- [TASK INSTRUCTIONS]:
Return an exact copy of the lines from the one holding "this 1280×1274 image." to the end of the data, including both the starting and final lines. Leave the pictures out.

- [PROVIDED RECORDS]:
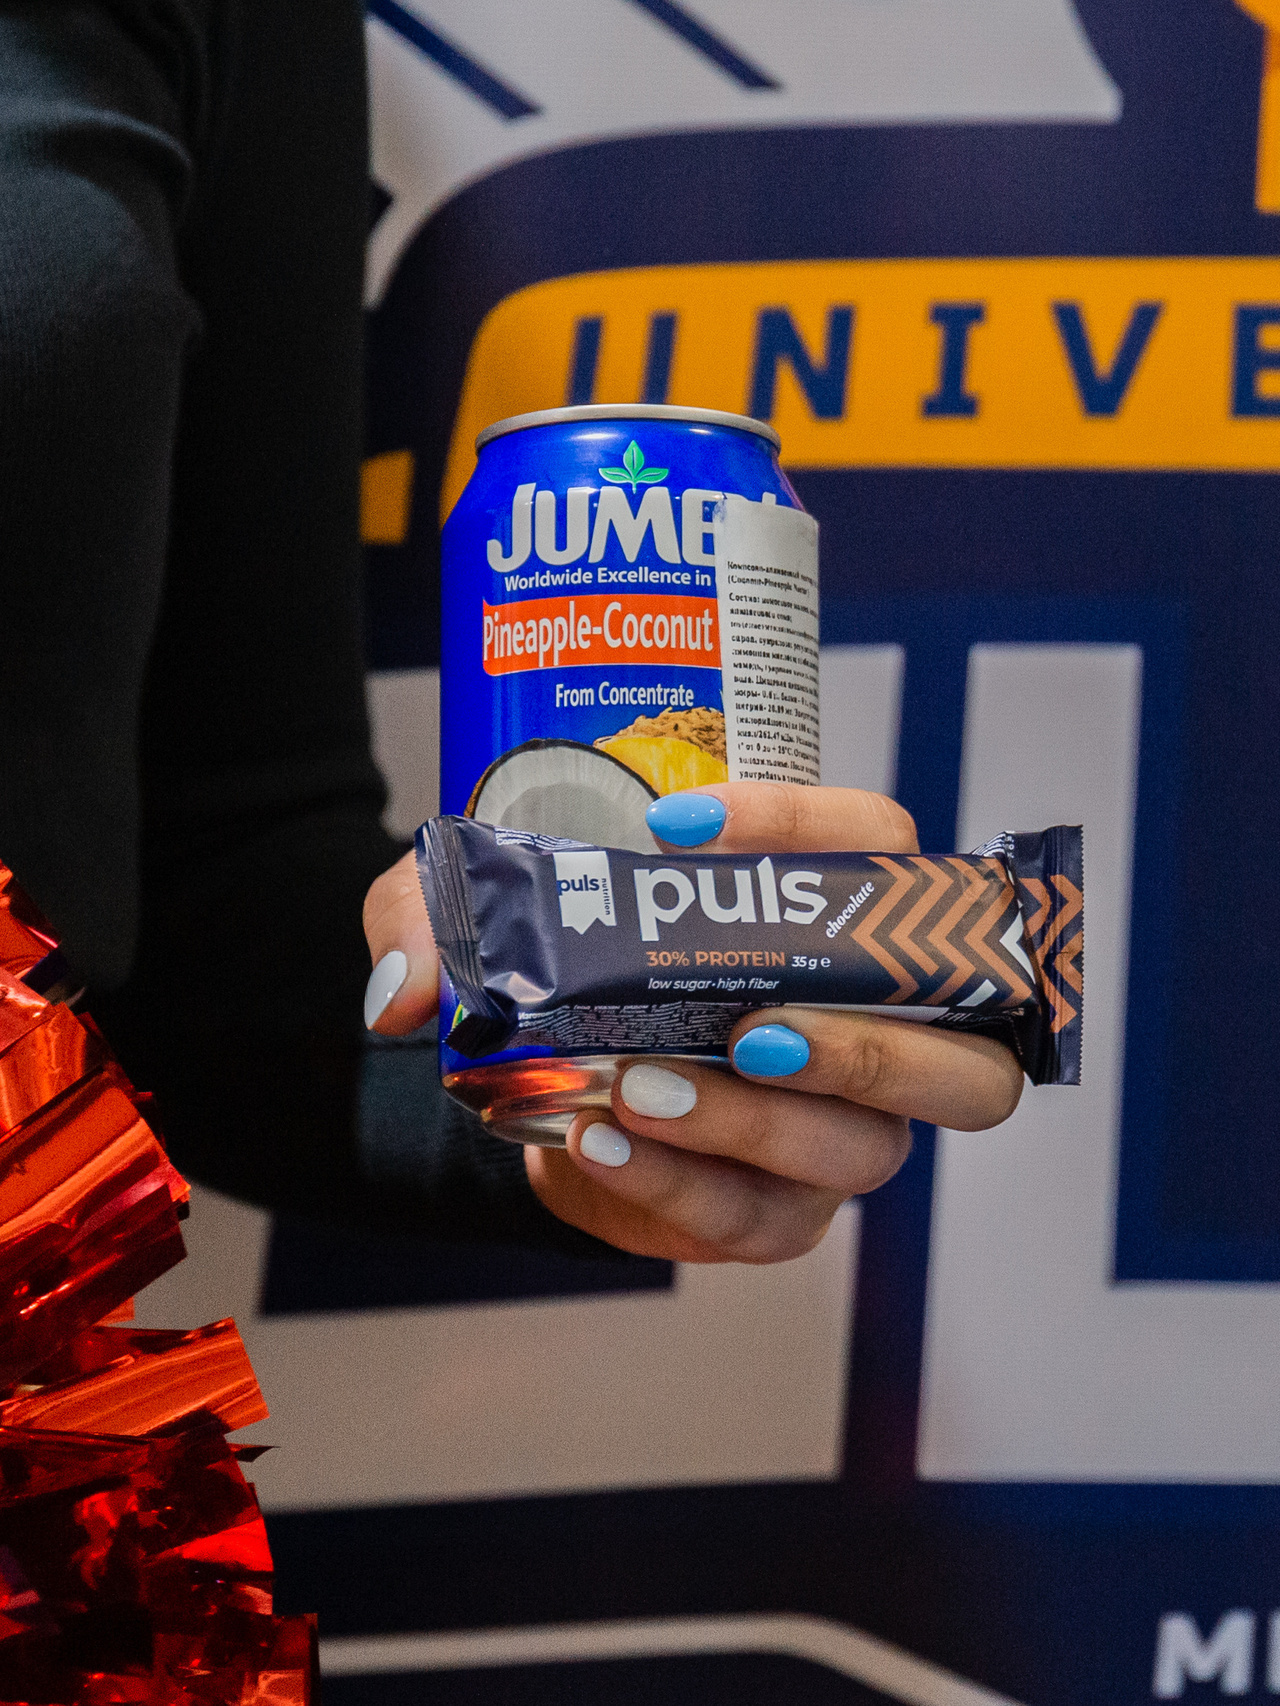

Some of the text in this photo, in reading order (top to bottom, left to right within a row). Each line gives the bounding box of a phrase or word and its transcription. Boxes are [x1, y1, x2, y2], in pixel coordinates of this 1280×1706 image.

[505, 567, 712, 592] Worldwide Excellence in
[483, 601, 713, 667] Pineapple-Coconut
[555, 681, 695, 708] From Concentrate
[556, 874, 600, 896] puls
[601, 877, 611, 916] nutrition
[633, 856, 828, 942] puls
[825, 881, 875, 939] chocolate
[646, 951, 690, 967] 30%
[695, 951, 786, 967] PROTEIN
[647, 978, 672, 990] low
[748, 978, 780, 990] fiber
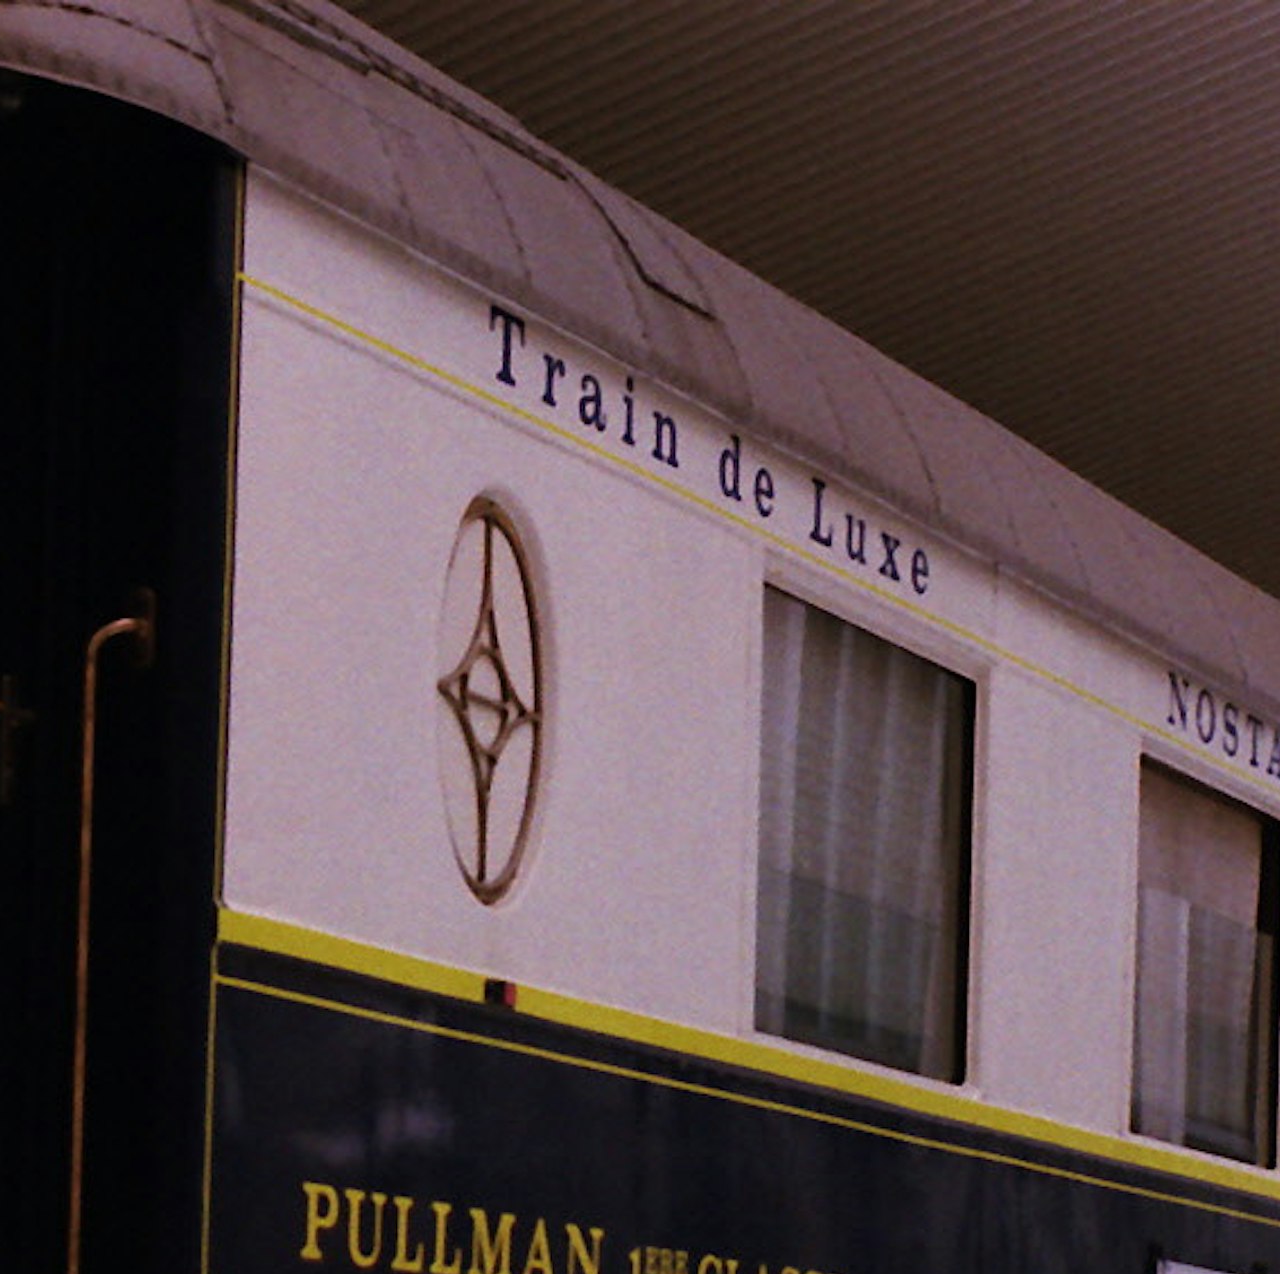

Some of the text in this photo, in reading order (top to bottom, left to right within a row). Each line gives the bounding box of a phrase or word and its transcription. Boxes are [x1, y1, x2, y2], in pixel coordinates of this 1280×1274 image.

[489, 304, 931, 595] Train de Luxe
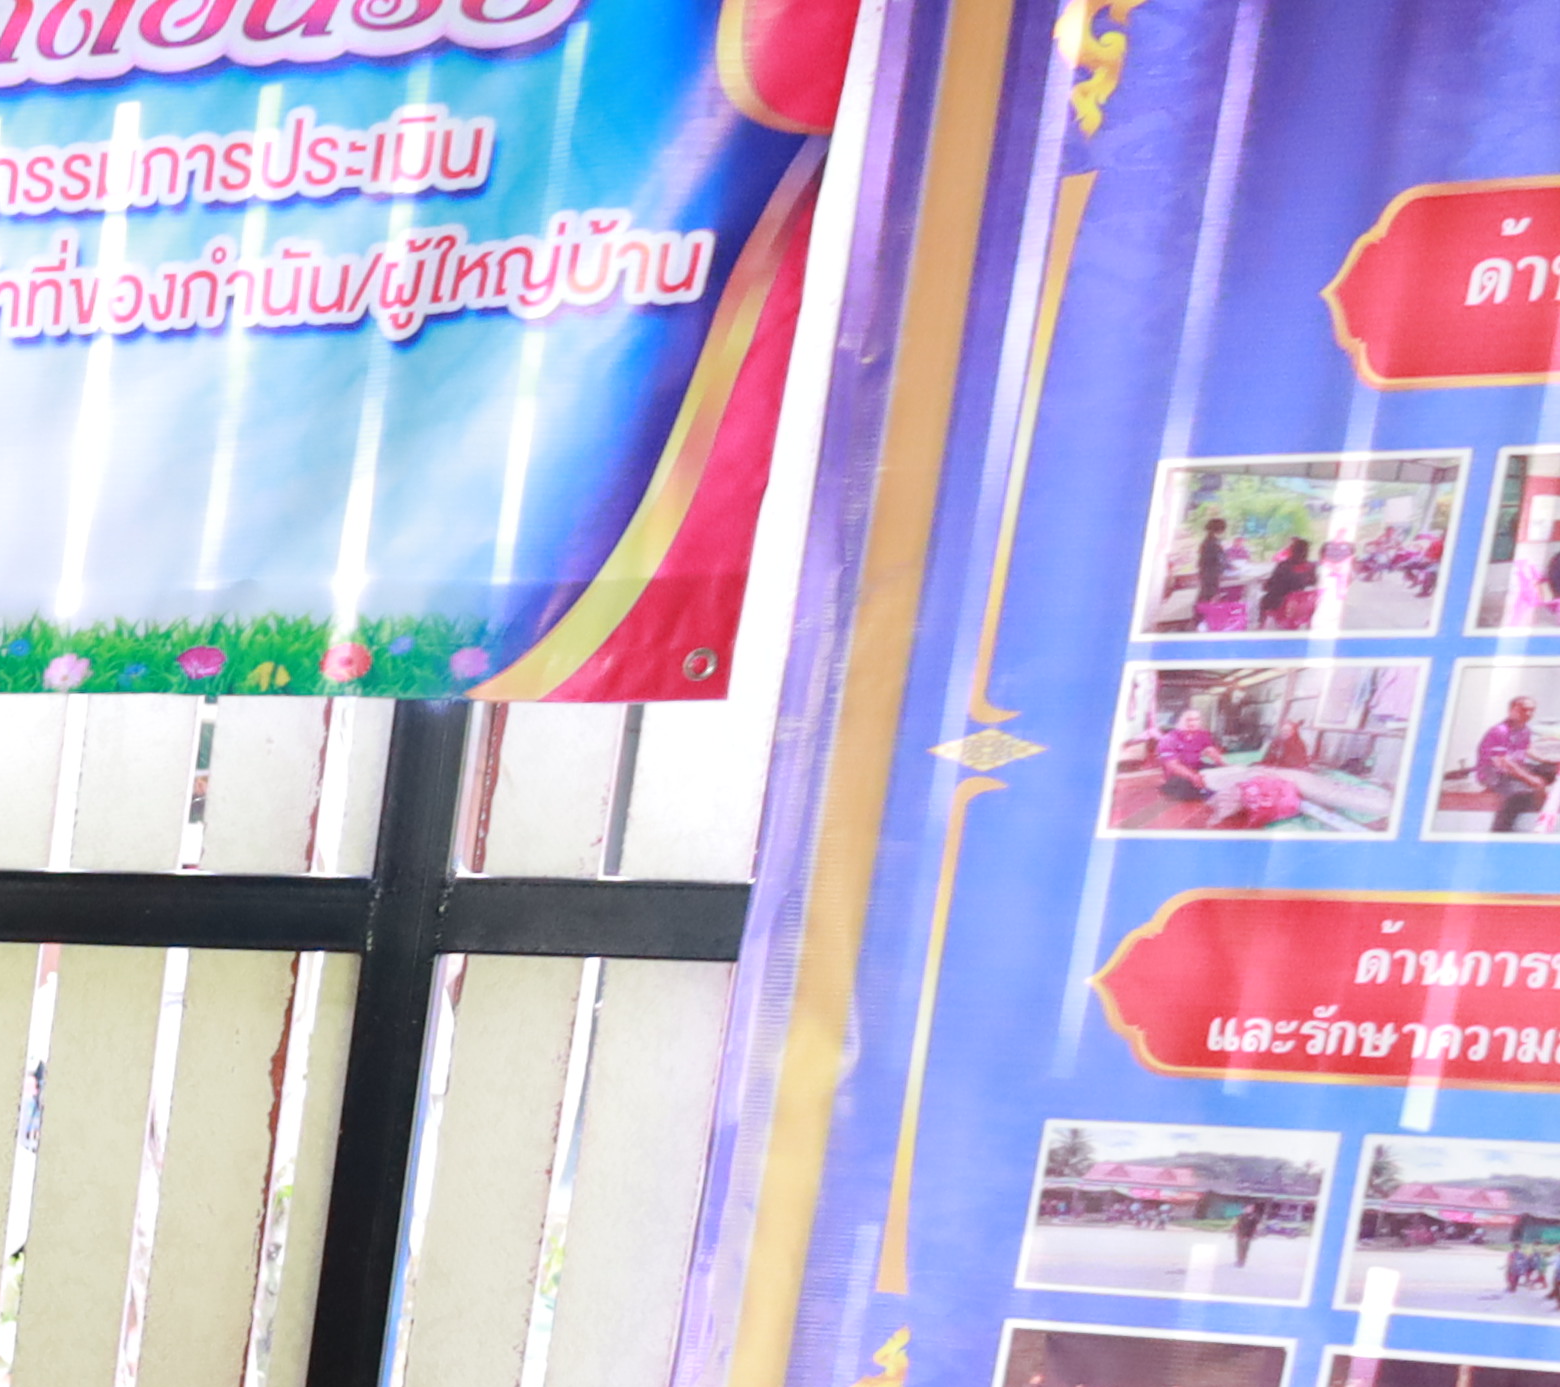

- [RESPONSE TO THIS TASK]:
Some of the text in this photo, in reading order (top to bottom, left to right within a row). Each line gives the bounding box of a phrase or word and its transcription. Boxes are [x1, y1, x2, y2], in pixel coordinates of this 1280×1274 image.

[489, 304, 931, 595] Train de Luxe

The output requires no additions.